The task
Output each record exactly as given. Leave out every picture.

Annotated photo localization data
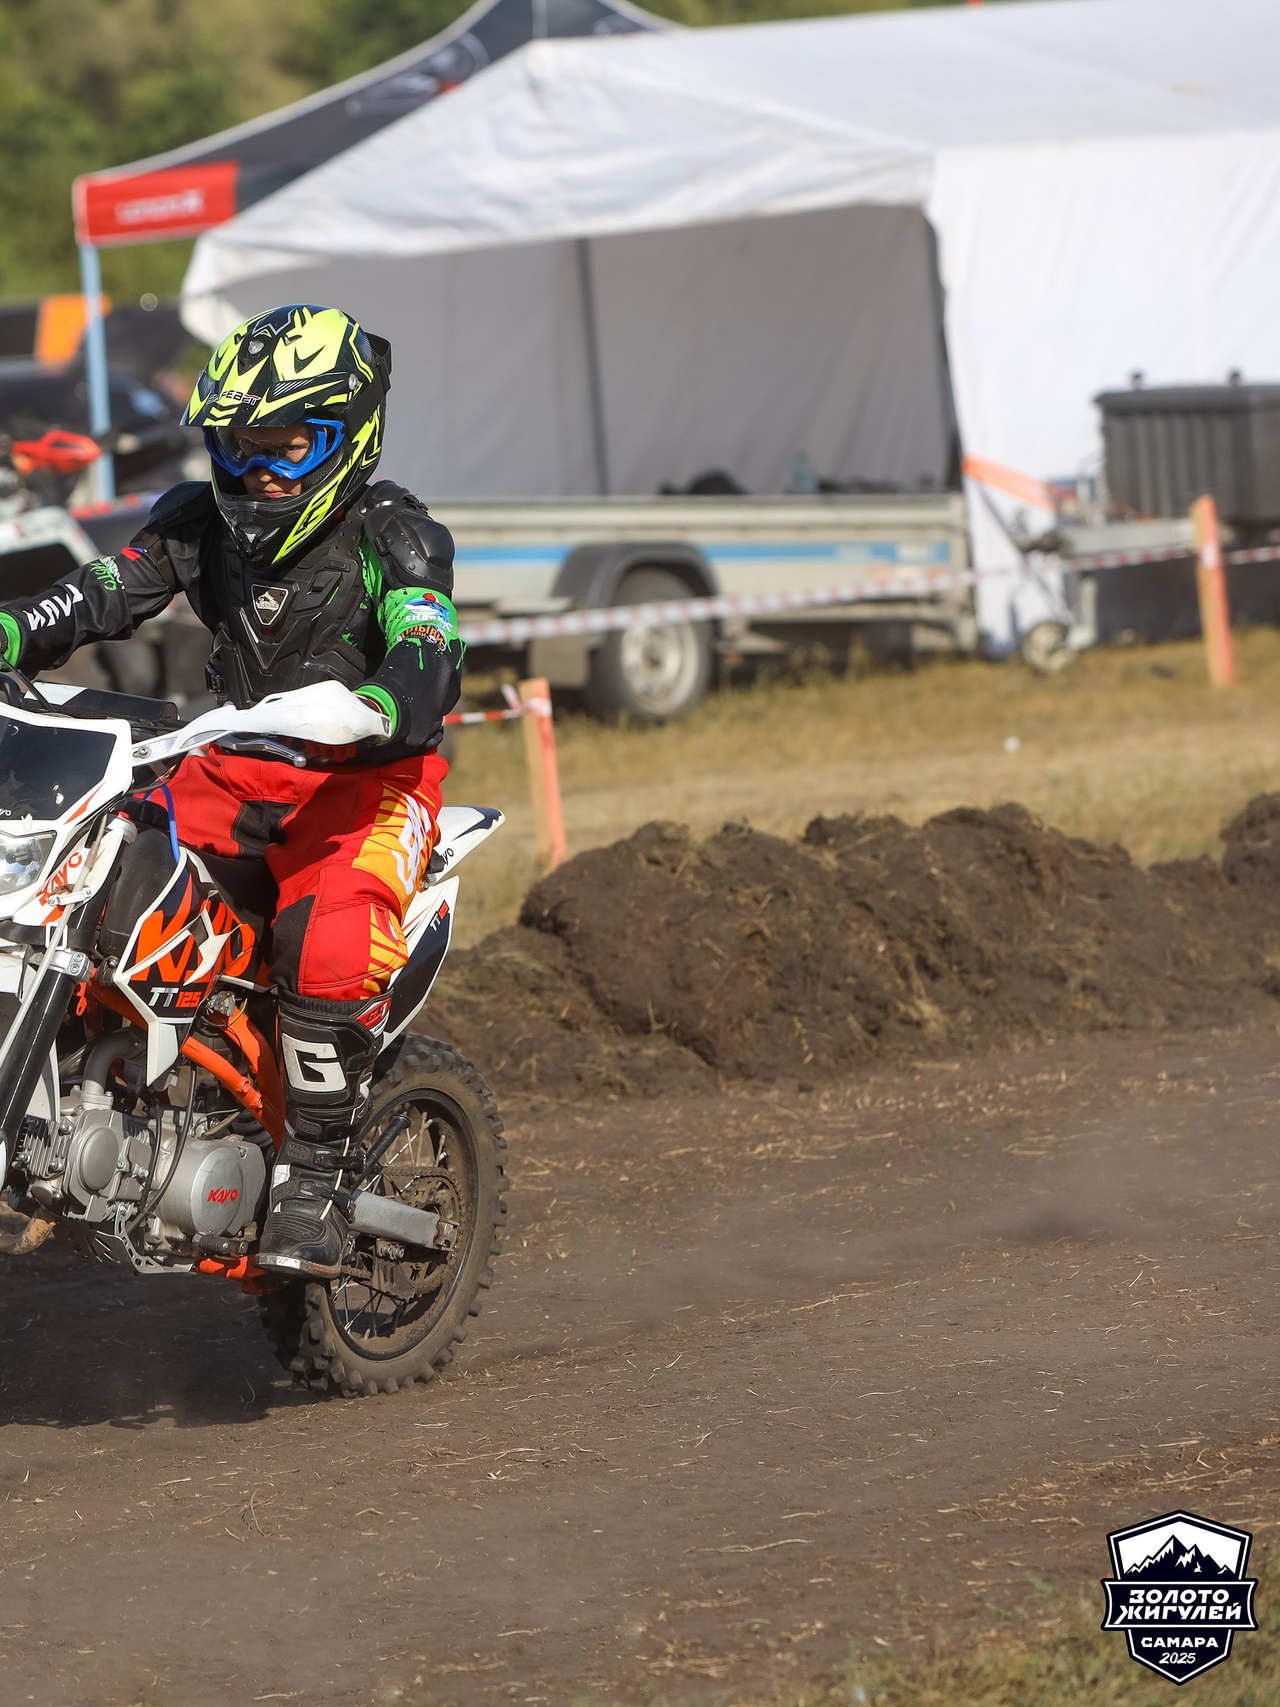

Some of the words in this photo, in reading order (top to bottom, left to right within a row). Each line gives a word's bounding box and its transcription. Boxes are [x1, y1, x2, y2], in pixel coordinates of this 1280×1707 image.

[148, 986, 180, 1008] TT
[175, 991, 203, 1008] 125
[281, 1032, 348, 1093] G
[207, 1186, 239, 1205] KAYO

Solution for this problem
Some of the words in this photo, in reading order (top to bottom, left to right within a row). Each line gives a word's bounding box and its transcription. Boxes are [x1, y1, x2, y2], in pixel coordinates of this 1280×1707 image.

[148, 986, 180, 1008] TT
[175, 991, 203, 1008] 125
[281, 1032, 348, 1093] G
[207, 1186, 239, 1205] KAYO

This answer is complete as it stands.